Output the complete listing exactly, please, and keep the pictures out of it.
****
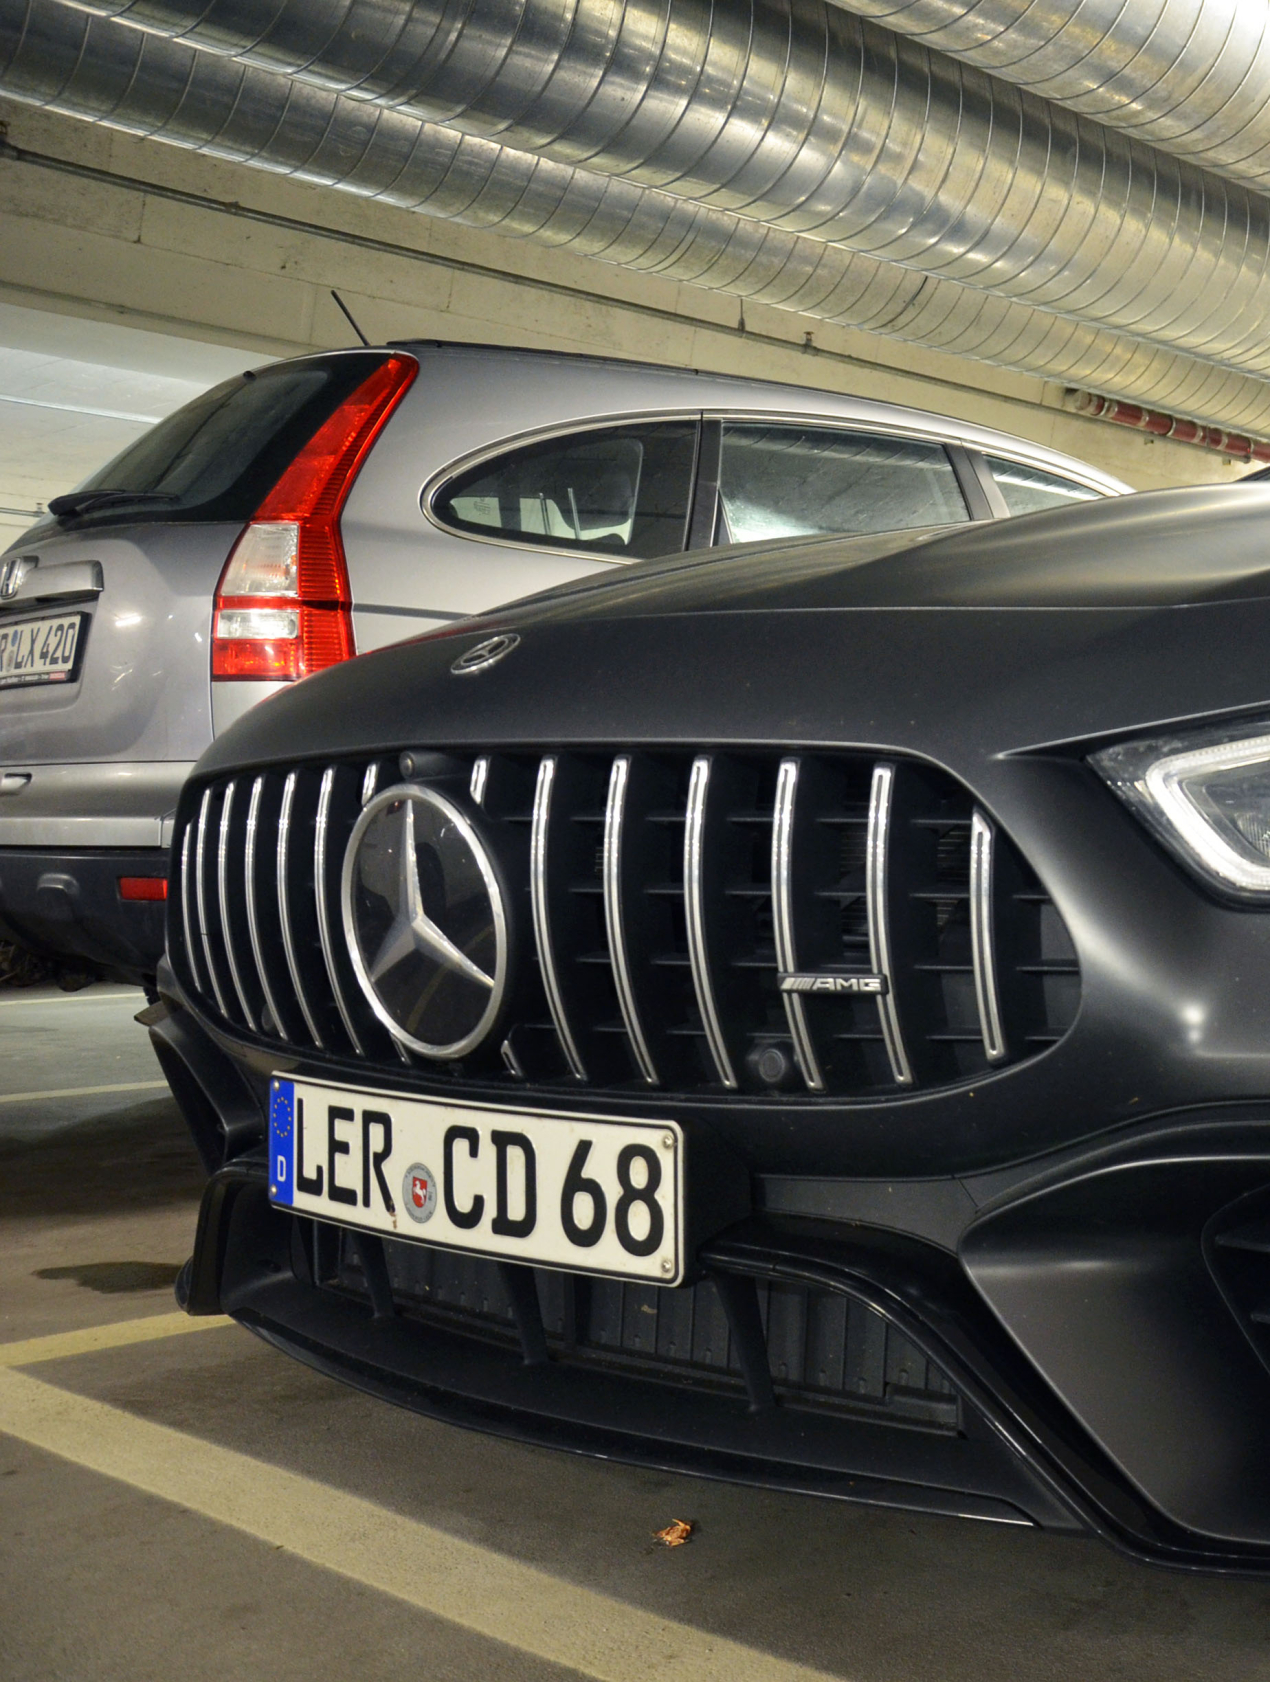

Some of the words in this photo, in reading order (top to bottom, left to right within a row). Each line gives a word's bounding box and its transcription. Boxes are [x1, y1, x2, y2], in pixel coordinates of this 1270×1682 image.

[14, 627, 41, 670] LX
[39, 622, 76, 666] 420
[276, 1155, 287, 1182] D
[296, 1097, 396, 1214] LER
[443, 1124, 537, 1239] CD
[560, 1139, 664, 1257] 68
****
## The completed task
Some of the words in this photo, in reading order (top to bottom, left to right within a row). Each line gives a word's bounding box and its transcription. Boxes are [x1, y1, x2, y2], in pixel coordinates of this 1270×1682 image.

[14, 627, 41, 670] LX
[39, 622, 76, 666] 420
[276, 1155, 287, 1182] D
[296, 1097, 396, 1214] LER
[443, 1124, 537, 1239] CD
[560, 1139, 664, 1257] 68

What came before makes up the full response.